\( x y ^ { 2 } d y - ( x ^ { 3 } + y ^ { 3 } ) d x = 0 \)

To solve the differential equation \[ x y^2 \, dy - (x^3 + y^3) \, dx = 0, \] we can rearrange it into a more standard form. Dividing through by \(dx\) gives: \[ x y^2 \frac{dy}{dx} = x^3 + y^3. \] This can be rewritten as: \[ \frac{dy}{dx} = \frac{x^3 + y^3}{x y^2}. \] Next, we can separate the variables.

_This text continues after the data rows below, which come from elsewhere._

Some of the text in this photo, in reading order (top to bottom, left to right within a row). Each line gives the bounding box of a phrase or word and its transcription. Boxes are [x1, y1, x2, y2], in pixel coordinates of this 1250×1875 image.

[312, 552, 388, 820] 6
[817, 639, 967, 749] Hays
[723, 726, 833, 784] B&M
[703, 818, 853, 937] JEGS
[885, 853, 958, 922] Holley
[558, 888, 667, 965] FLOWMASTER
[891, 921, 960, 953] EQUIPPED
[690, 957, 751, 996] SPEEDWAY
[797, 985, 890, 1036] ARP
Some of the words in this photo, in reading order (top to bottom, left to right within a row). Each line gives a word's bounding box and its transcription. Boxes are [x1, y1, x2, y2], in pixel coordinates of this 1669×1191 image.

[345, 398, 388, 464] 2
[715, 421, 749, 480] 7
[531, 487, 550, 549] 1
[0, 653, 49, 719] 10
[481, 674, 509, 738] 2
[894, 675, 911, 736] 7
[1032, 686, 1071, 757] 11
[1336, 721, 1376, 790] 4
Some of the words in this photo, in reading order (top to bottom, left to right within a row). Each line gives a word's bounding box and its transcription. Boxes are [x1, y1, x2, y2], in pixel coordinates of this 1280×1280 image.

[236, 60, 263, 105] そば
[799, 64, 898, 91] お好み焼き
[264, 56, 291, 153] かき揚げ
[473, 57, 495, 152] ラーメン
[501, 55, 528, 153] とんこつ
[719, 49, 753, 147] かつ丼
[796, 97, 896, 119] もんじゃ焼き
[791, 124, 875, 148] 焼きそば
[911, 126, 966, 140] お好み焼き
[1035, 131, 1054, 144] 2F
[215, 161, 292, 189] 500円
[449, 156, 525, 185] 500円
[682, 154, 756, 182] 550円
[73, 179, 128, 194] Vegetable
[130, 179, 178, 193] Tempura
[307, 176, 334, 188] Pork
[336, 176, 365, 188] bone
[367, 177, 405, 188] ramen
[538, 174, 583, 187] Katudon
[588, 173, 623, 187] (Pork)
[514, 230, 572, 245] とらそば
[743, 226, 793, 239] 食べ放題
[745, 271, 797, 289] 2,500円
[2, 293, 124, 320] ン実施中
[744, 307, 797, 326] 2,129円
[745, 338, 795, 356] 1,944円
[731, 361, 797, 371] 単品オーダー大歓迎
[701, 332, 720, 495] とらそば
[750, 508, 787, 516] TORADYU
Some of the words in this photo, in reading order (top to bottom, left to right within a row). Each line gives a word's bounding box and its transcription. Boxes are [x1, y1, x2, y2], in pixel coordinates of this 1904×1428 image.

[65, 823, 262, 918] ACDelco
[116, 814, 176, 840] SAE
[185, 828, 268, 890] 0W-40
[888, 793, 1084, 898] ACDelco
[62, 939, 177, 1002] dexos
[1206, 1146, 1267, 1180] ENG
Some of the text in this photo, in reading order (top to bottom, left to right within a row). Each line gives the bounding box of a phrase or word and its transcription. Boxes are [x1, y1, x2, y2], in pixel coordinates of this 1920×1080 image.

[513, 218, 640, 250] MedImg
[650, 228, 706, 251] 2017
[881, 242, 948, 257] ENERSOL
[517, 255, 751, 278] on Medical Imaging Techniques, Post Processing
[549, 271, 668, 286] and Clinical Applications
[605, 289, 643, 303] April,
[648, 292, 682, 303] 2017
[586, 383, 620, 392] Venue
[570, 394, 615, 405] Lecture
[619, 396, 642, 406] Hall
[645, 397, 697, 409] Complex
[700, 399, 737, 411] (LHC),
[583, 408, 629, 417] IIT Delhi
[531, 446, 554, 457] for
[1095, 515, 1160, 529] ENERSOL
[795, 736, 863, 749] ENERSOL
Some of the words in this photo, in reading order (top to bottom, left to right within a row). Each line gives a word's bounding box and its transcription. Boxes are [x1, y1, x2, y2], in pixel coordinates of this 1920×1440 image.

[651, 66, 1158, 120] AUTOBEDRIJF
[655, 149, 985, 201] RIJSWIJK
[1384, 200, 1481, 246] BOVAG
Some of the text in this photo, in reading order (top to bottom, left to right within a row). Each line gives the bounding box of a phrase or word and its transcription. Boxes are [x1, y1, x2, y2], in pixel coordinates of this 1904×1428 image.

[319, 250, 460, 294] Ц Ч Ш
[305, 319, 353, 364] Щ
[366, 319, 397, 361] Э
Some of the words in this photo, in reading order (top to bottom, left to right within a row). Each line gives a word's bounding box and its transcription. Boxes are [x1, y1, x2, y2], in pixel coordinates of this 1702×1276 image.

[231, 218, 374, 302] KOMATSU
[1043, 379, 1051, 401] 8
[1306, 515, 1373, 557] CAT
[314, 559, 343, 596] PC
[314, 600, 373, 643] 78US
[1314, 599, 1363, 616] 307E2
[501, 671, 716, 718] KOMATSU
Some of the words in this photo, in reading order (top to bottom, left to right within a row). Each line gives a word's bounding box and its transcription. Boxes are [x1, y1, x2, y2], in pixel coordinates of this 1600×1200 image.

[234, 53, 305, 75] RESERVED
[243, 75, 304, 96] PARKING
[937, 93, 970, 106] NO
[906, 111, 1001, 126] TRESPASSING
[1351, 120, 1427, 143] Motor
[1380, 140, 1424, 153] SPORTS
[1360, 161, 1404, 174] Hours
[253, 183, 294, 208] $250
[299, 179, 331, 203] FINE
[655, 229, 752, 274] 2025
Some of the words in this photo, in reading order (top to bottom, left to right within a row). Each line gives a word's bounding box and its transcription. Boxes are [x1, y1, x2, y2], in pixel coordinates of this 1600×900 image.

We can rewrite the equation as: \[ \frac{dy}{dx} = \frac{x^3}{x y^2} + \frac{y^3}{x y^2} = \frac{x^2}{y^2} + \frac{y}{x}. \] Now, we can separate the variables: \[ \frac{dy}{\frac{x^2}{y^2} + \frac{y}{x}} = dx. \] This is a bit complicated to integrate directly, so let's try a substitution. We can use the substitution \(v = \frac{y}{x}\), which implies \(y = vx\) and \(dy = v \, dx + x \, dv\). Substituting these into the equation gives: \[ v \, dx + x \, dv = \frac{x^3 + (vx)^3}{x (vx)^2}. \] This simplifies to: \[ v \, dx + x \, dv = \frac{x^3 + v^3 x^3}{x^3 v^2} = \frac{1 + v^3}{v^2}. \] Now, we can separate the variables: \[ x \, dv = \frac{1 + v^3}{v^2} \, dx - v \, dx. \] This leads to: \[ x \, dv = \left(\frac{1 + v^3 - v^2}{v^2}\right) dx. \] Now we can integrate both sides. The left side integrates with respect to \(v\) and the right side with respect to \(x\). However, this approach can become quite complex. Instead, let's return to the original equation and check if it is exact or can be made exact. The original equation can be written as: \[ M(x, y) = - (x^3 + y^3), \quad N(x, y) = x y^2. \] To check if it is exact, we compute: \[ \frac{\partial M}{\partial y} = -3y^2, \quad \frac{\partial N}{\partial x} = y^2. \] Since \(\frac{\partial M}{\partial y} \neq \frac{\partial N}{\partial x}\), the equation is not exact. Next, we can try to find an integrating factor or use another method to solve the equation. After some manipulation, we can find that the equation can be solved using the method of integrating factors or substitutions, but it may require more advanced techniques or numerical methods depending on the context. For a specific solution, we can also look for particular solutions or numerical solutions based on initial conditions if provided. If you have specific conditions or further instructions, please let me know!